3.2.9 Immunocytochemistry and pre-extraction

Immunocytochemistry, - or more precisely - immunofluoresence analyses were performed to provide information on presence of proteins in intact cells and simultaneously collect data on their localization. Proteins were marked with primary antibodies analogous to the immunoblot technique and fluorescence-coupled secondary antibodies were used to enable amplification and visualization of the signal with a fluorescence microscope. For detection of irradiation-induced foci by immunofluorescence, cells were seeded and grown on cover glasses in six-well plates (Nunc) one day prior to IR treatment. Depending on the experimental setting, cells were washed three times in 1x PBS and fixed at time points ranging from 1 h to 48 h, by treatment with 3 % (w/v) formaldehyde, 2 %(w/v) sucrose in PBS for 10 min. Permeabilization was performed with 0.2 %(v/v) triton X-100 in PBS, in order to allow penetration of the cell membrane by antibodies. Primary antibodies against the target proteins were incubated in 2 % (w/v) normal goat serum (Dianova) for 2 h.
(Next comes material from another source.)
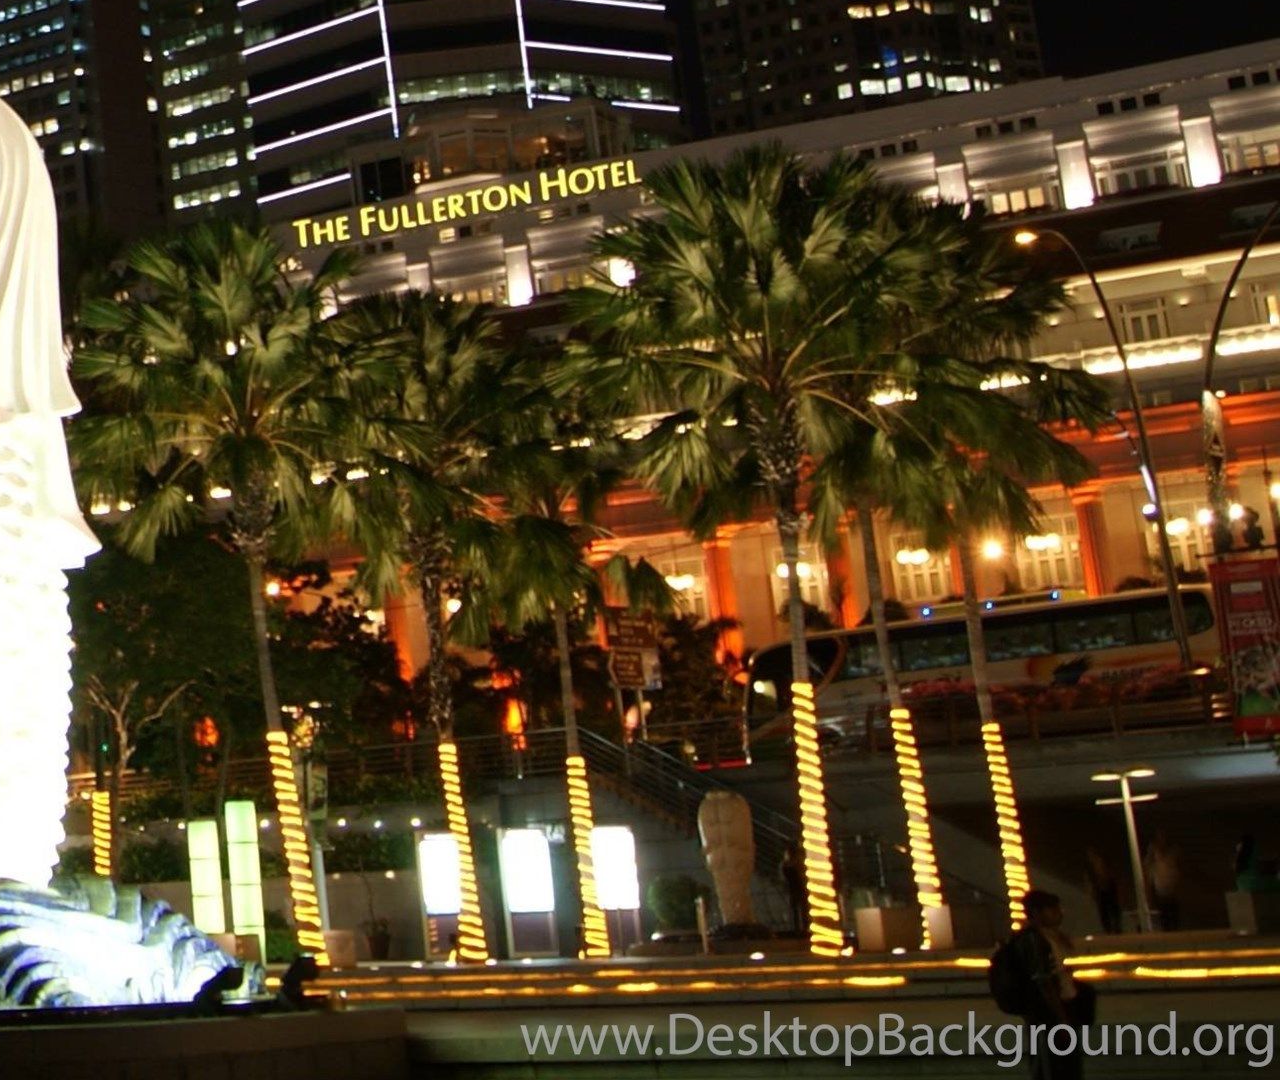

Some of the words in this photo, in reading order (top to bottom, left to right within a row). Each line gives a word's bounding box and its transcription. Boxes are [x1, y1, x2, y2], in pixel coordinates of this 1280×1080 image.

[293, 215, 351, 248] THE
[358, 179, 533, 237] FULLERTON
[539, 159, 643, 203] HOTEL
After PBS washing, cells were incubated with Alexa Fluor Anti-mouse IgG 488 (Invitrogen, #A11018) and Alexa Fluor Anti-rabbit IgG 546 (Invitrogen, #A11071) or FITC-conjugated Anti-mouse IgG antibody (Zymed, #62-6511) and Alexa Fluor Anti-rabbit IgG 488 (Invitrogen, #A11070) for 2 h, respectively. DNA was counterstained with DAPI (Invitrogen) and cover classes were mounted onto slides with Pro-Long® Gold (Invitrogen) and dried overnight before evaluation by fluorescence microscopy. For pre-extraction of proteins, which are abundant in the cytoplasm, cells were subjected to detergent extraction with pre-extraction buffer containing 10 mM Hepes (pH 6.8), 100 mM NaCl, 300 mM sucrose, 3 mM MgCl2, 1 mM EGTA and 0.5 % triton X-100 in PBS for 5–10 min to remove the majority of non–chromatin-bound proteins before fixation and immunostaining, in order to enable a noisefree view of the nuclear forms of these proteins²⁶⁵.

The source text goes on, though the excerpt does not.